During Allen’s pretrial conference Thursday, his defense counsel noted that prosecutors had offered a plea agreement. In exchange for a guilty plea to child abuse, the state would have agreed to pursue a mitigated sentence and withdraw the motion for an upward departure that might result in a harsher sentence. Stewart said she reviewed the plea agreement with Allen, and he was not interested in accepting the terms or pleading guilty. Pollman and Allen have both pleaded not guilty to the charges against them.

Stewart objected to the motion for an upward departure. She said the prosecution failed to note in its motion that Allen is not married to Pollman — though they do have a young biological son together who is not the victim in the case and were living together at the time the abuse allegedly occurred — and there is no legal obligation incumbent upon Allen to take the child in question in for medical treatment. A news release issued from the Garden City Police Department at the time of Pollman and Allen's arrests in August identified Allen as the child's stepfather, and subsequent news reports have since reported the same.
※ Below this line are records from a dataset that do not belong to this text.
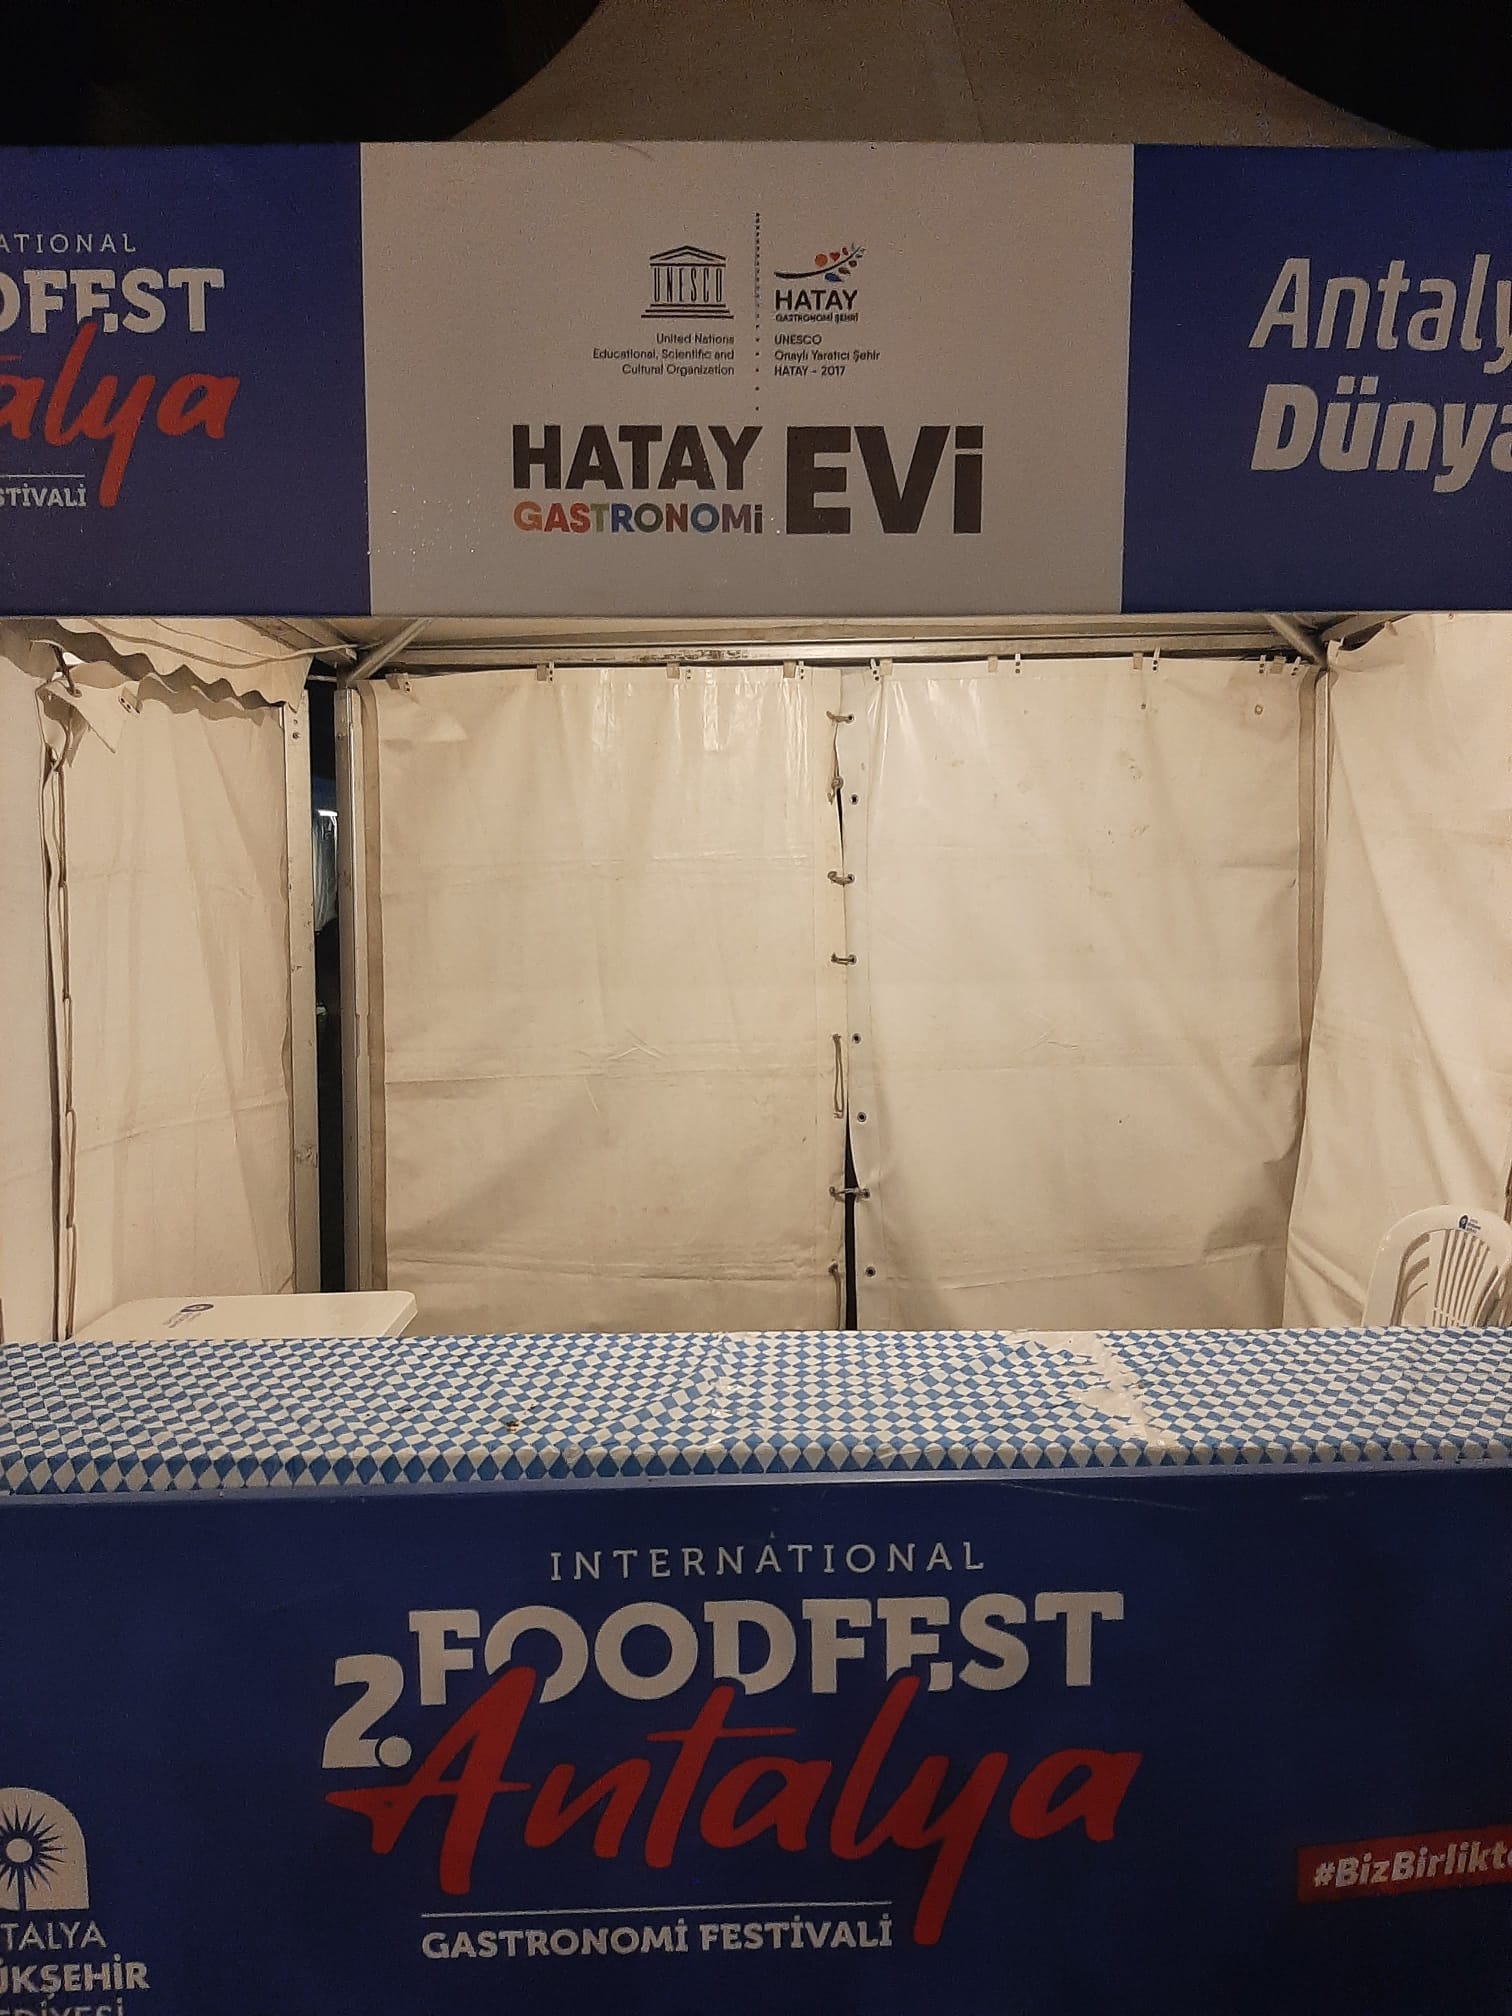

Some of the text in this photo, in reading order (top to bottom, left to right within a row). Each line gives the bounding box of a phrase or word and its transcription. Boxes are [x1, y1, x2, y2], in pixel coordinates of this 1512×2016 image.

[653, 267, 722, 303] UNESCO
[774, 289, 858, 311] HATAY
[593, 348, 735, 360] Educational, Scientific and
[656, 333, 735, 345] United Nations
[774, 334, 822, 345] UNESCO
[622, 363, 735, 377] Cultural Organization
[774, 365, 809, 376] HATAY
[821, 365, 846, 376] 2017
[0, 321, 240, 508] alya
[512, 424, 763, 490] HATAY
[550, 1541, 985, 1581] INTERNATIONAL
[321, 1591, 1124, 1769] 2. FOODFEST
[325, 1666, 1142, 1946] Antalya
[1313, 1841, 1512, 1888] #BizBirlikt
[421, 1914, 893, 1960] GASTRONOMİ FESTİVALİ
The child did not receive medical attention for more than 10 months, according to prior testimony by medical professionals employed at Children’s Mercy Hospital.
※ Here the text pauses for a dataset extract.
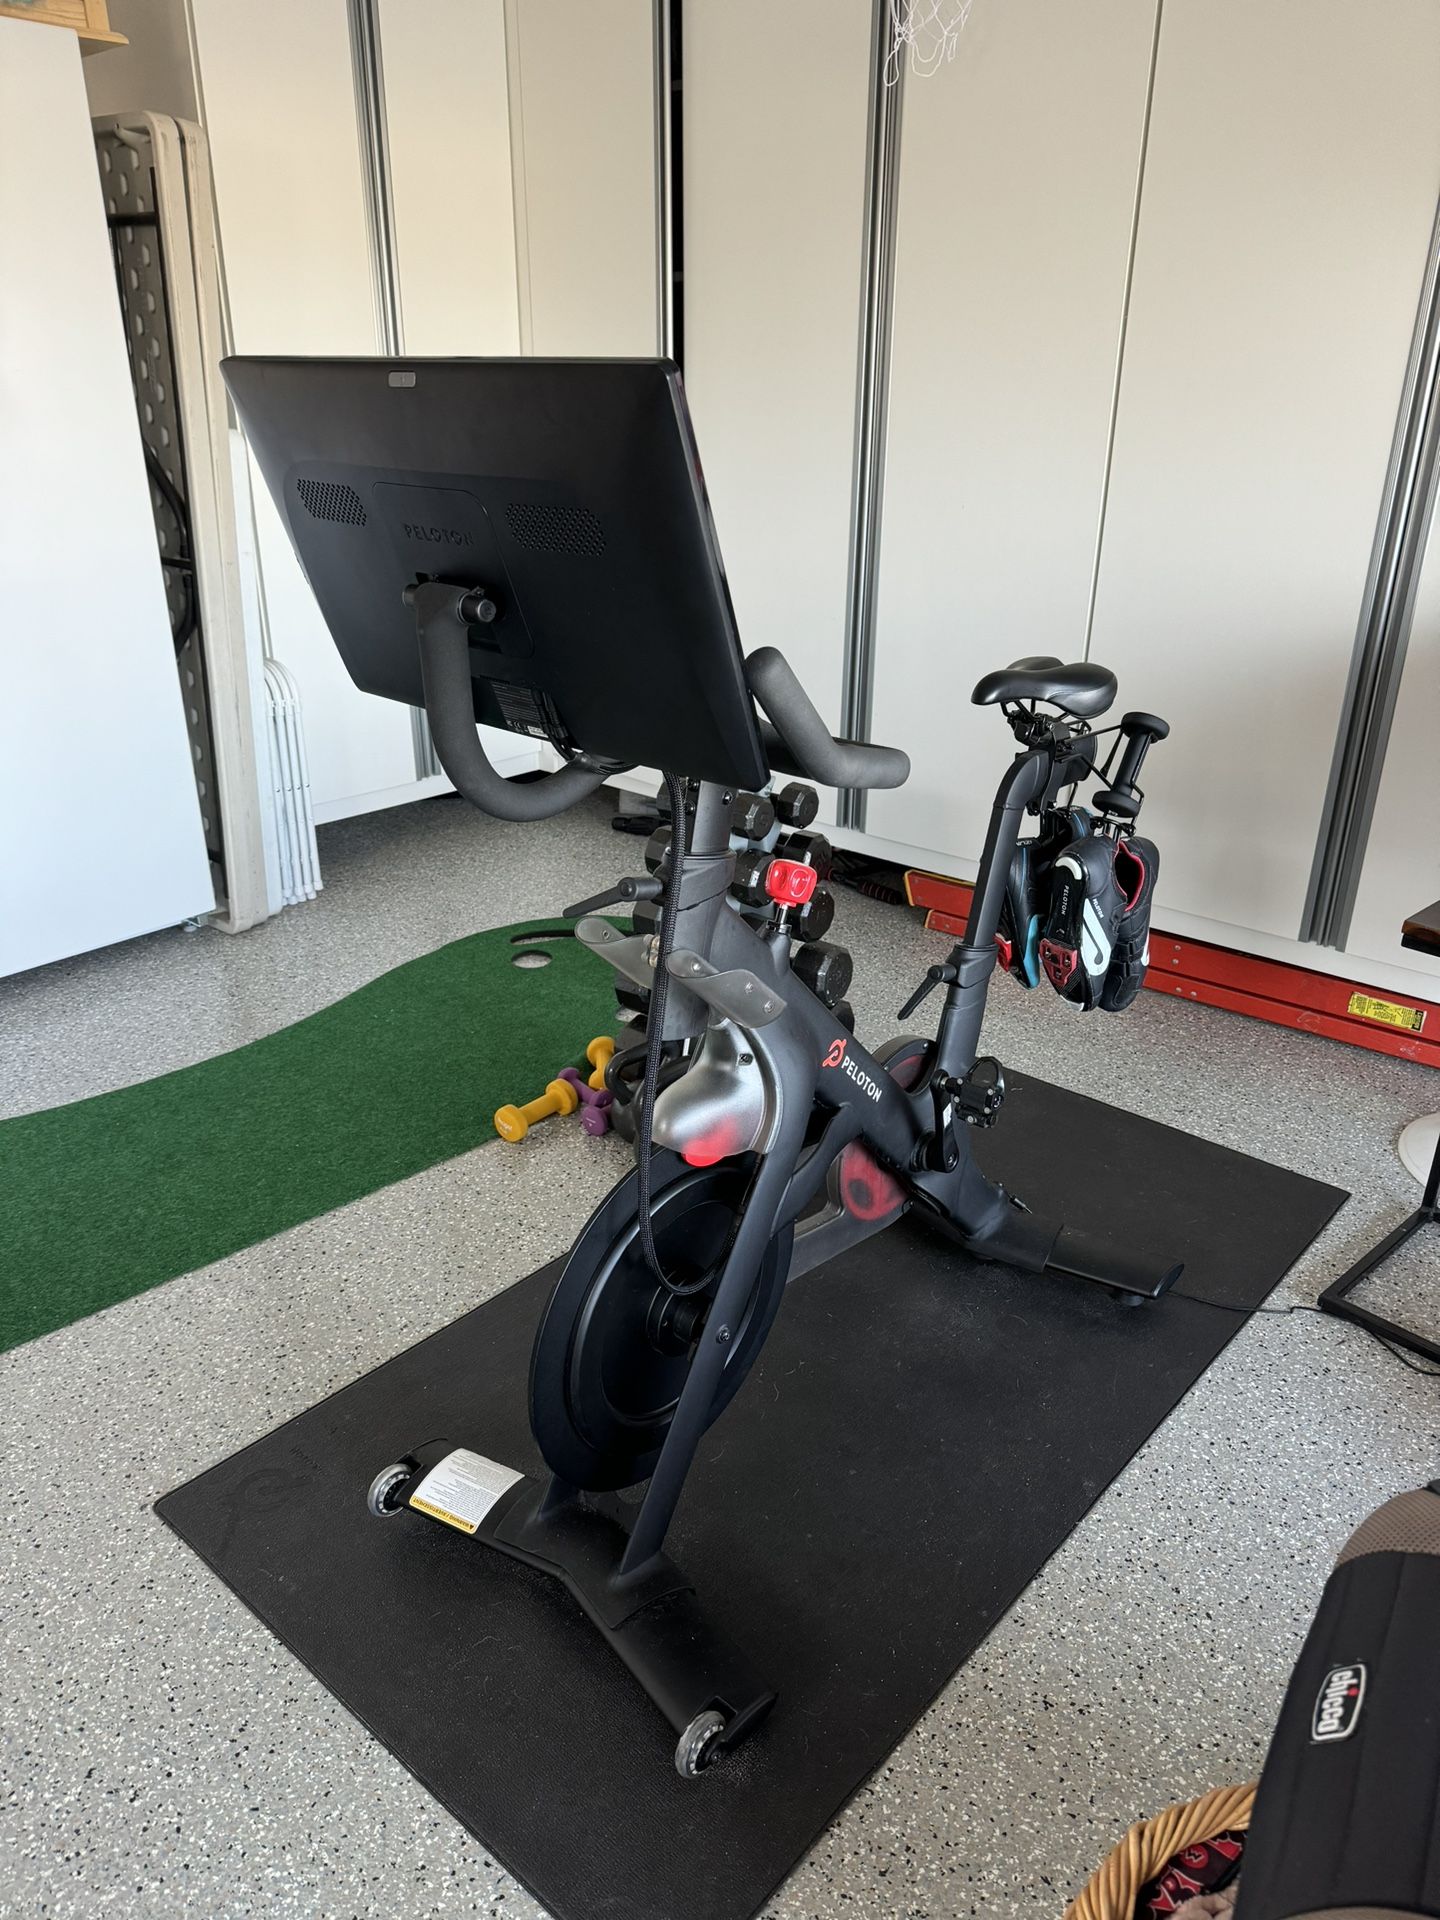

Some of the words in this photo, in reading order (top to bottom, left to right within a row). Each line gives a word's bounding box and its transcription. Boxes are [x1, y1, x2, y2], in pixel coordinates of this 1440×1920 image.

A copy of the motion states that the basis of the upward durational departure as it pertains to Allen is that “the offense involved a fiduciary responsibility between the defendant and the victim." The state will rely on the fact that Allen “lived with the victim, the victim’s siblings (one of which is his biological son,) and the victim’s mother and had a position of trust over the victim, as the offender assisted the mother with the care of the victim during the time of the offense.”
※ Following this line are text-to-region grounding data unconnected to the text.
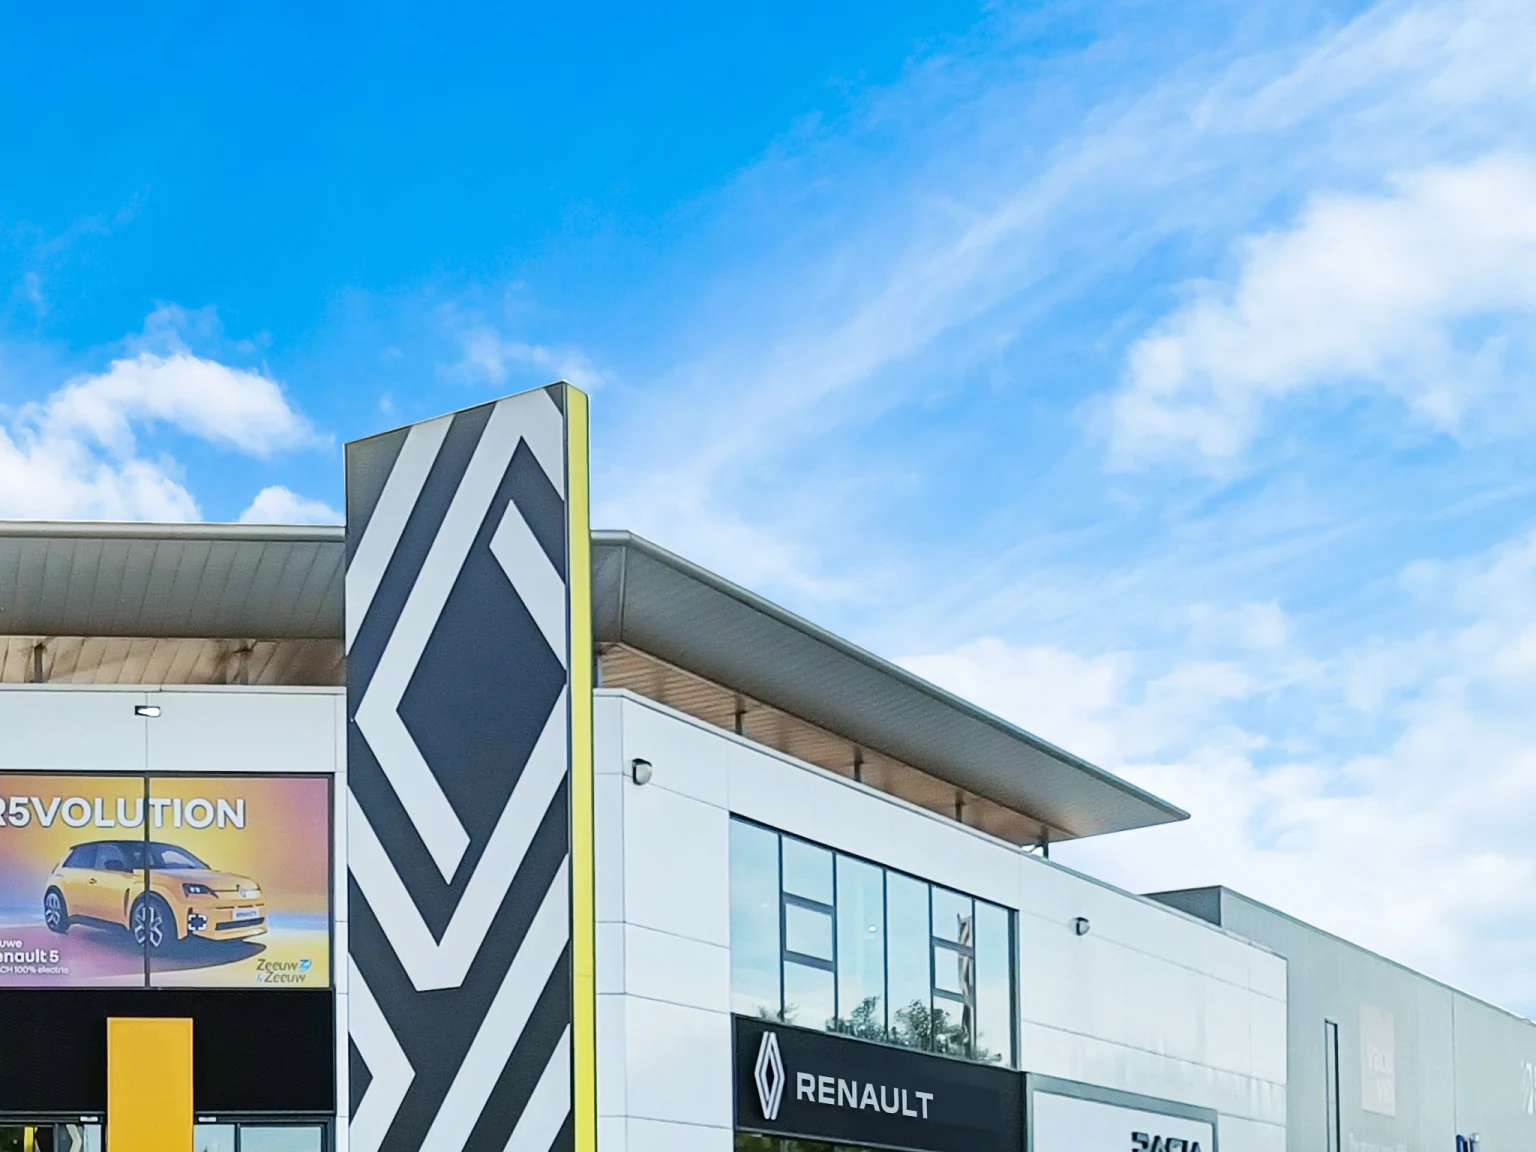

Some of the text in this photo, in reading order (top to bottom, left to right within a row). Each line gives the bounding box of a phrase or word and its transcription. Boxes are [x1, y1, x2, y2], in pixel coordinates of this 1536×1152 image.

[50, 950, 59, 963] 5
[14, 966, 36, 974] 100%
[256, 959, 298, 971] Zeeuw
[264, 971, 306, 983] Zeeuw
[796, 1072, 934, 1119] RENAULT
As it pertains to both defendants, the motion notes that “the victim was around 2 years of age and had been diagnosed with Down syndrome and the offender did not provide the nutrients needed to support life in their child and did not take (the) child to a medical professional for help for over 10 months.”

Judge Pierce granted the motions because, he said, the jury will only hear additional evidence pertinent to an upward durational departure if Pollman or Allen are convicted at trial.

Previous testimony during September’s preliminary hearing indicated that the child weighed 11 pounds and 12 ounces at 2 years old in August 2016. Dr. Jeremy Roderick, a family medicine practitioner at Plaza Medical Center in Garden City, testified that Pollman and Allen brought the child into his office as part of an effort to change primary care providers on Aug. 26, 2016, and told him the child, who required a feeding tube to eat, was vomiting. Roderick said he prescribed Zantac to prevent the child from regurgitating his food.

Roderick said he was concerned by the child’s weight, which he said was “not a normal weight for a 2-year-old.” During cross-examination by Stewart, Roderick said he was unable to detect the child’s temperature and noted that the boy was lethargic. Despite the child’s physical condition, Roderick said he did not admit him to the hospital because the boy had an appointment at the Down syndrome clinic in Kansas City a week later.

Though Roderick testified that he was in “disbelief” at the child’s condition and Pollman seemed concerned, he also said he saw no immediate danger or possibility of death for the child.

Conversely, Dr. Liza Murray, a physician participating in a fellowship at Children’s Mercy with a specialization in child abuse, testified she was concerned for the boy’s life after he was admitted to the hospital on Aug. 31, 2016, following an appointment with the gastroenterologist at the Down syndrome clinic. She said he was suffering from what appeared to be severe malnourishment, low blood sugar and low heart rate and had become susceptible to seizures, coma and brain damage.

Allen’s trial is scheduled for Feb. 12 to 16. Pollman’s trial is scheduled for Feb. 27 to March 5.

A case management conference was set for Feb. 2.